Exercise directions: The records below are to be copied exactly, with their pictures left out.

Start of Records for this exercise

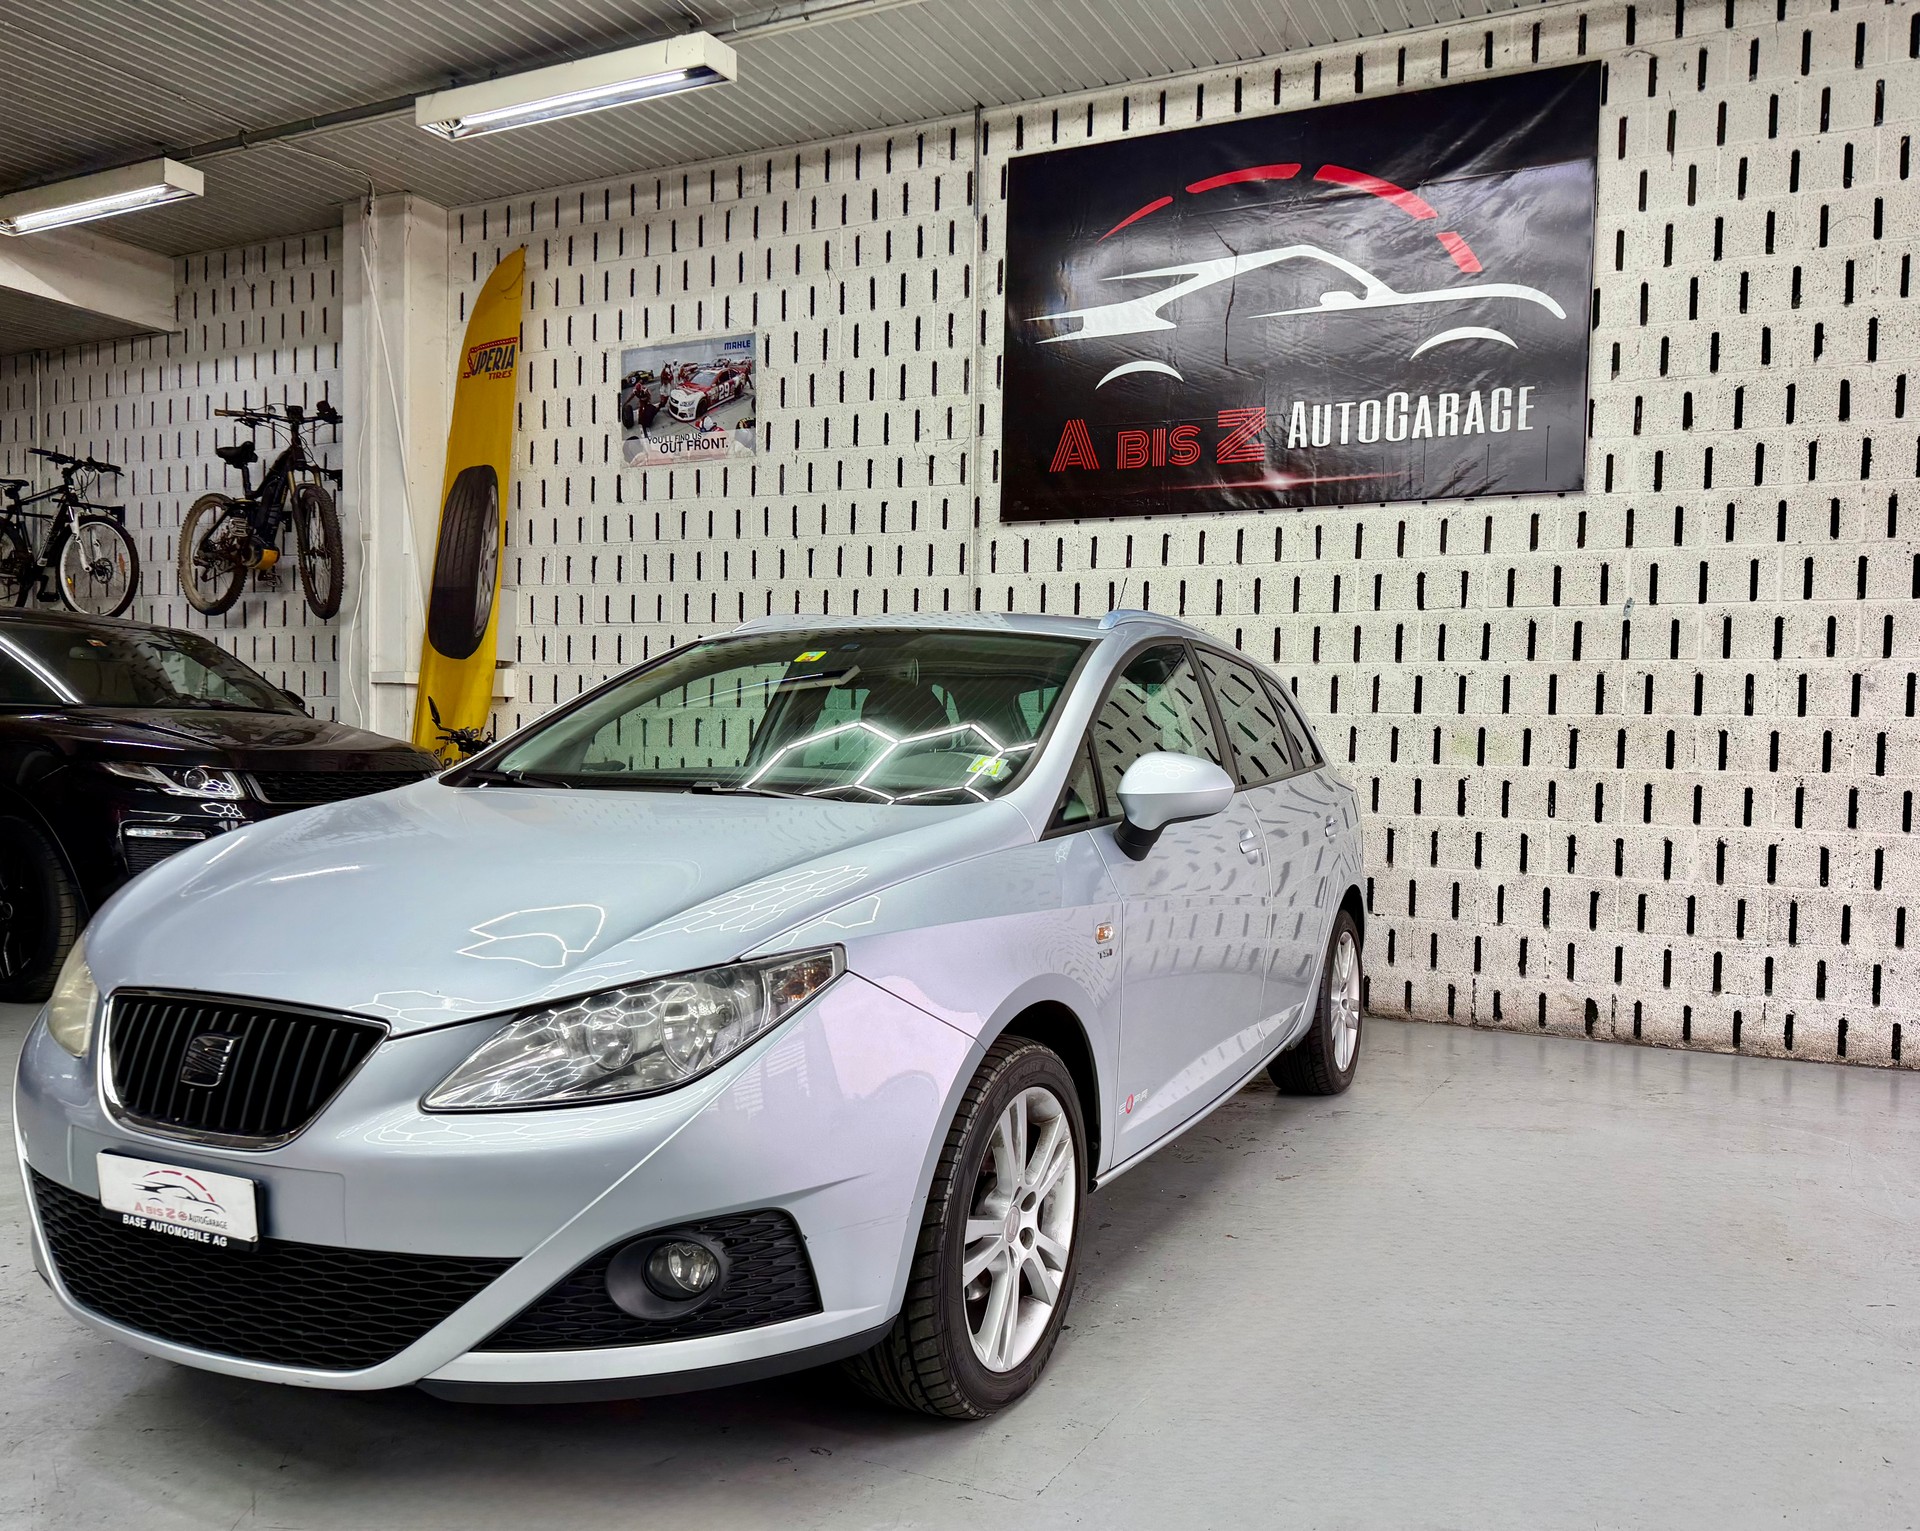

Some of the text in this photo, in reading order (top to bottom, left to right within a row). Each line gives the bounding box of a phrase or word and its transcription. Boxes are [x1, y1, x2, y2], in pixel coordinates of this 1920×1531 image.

[724, 339, 751, 351] MAHLE
[488, 370, 513, 380] TIRES
[718, 382, 730, 401] 29
[675, 433, 690, 443] FIND
[691, 432, 702, 441] US
[1049, 385, 1536, 473] A BIS Z AUTOGARAGE
[660, 437, 729, 454] OUT FRONT.
[1097, 948, 1113, 959] TSI
[134, 1202, 145, 1213] A
[145, 1206, 164, 1218] BIS
[165, 1207, 176, 1220] Z
[122, 1213, 228, 1247] BASE AUTOMOBILE AG

End of Records for this exercise

Result:
Some of the text in this photo, in reading order (top to bottom, left to right within a row). Each line gives the bounding box of a phrase or word and its transcription. Boxes are [x1, y1, x2, y2], in pixel coordinates of this 1920×1531 image.

[724, 339, 751, 351] MAHLE
[488, 370, 513, 380] TIRES
[718, 382, 730, 401] 29
[675, 433, 690, 443] FIND
[691, 432, 702, 441] US
[1049, 385, 1536, 473] A BIS Z AUTOGARAGE
[660, 437, 729, 454] OUT FRONT.
[1097, 948, 1113, 959] TSI
[134, 1202, 145, 1213] A
[145, 1206, 164, 1218] BIS
[165, 1207, 176, 1220] Z
[122, 1213, 228, 1247] BASE AUTOMOBILE AG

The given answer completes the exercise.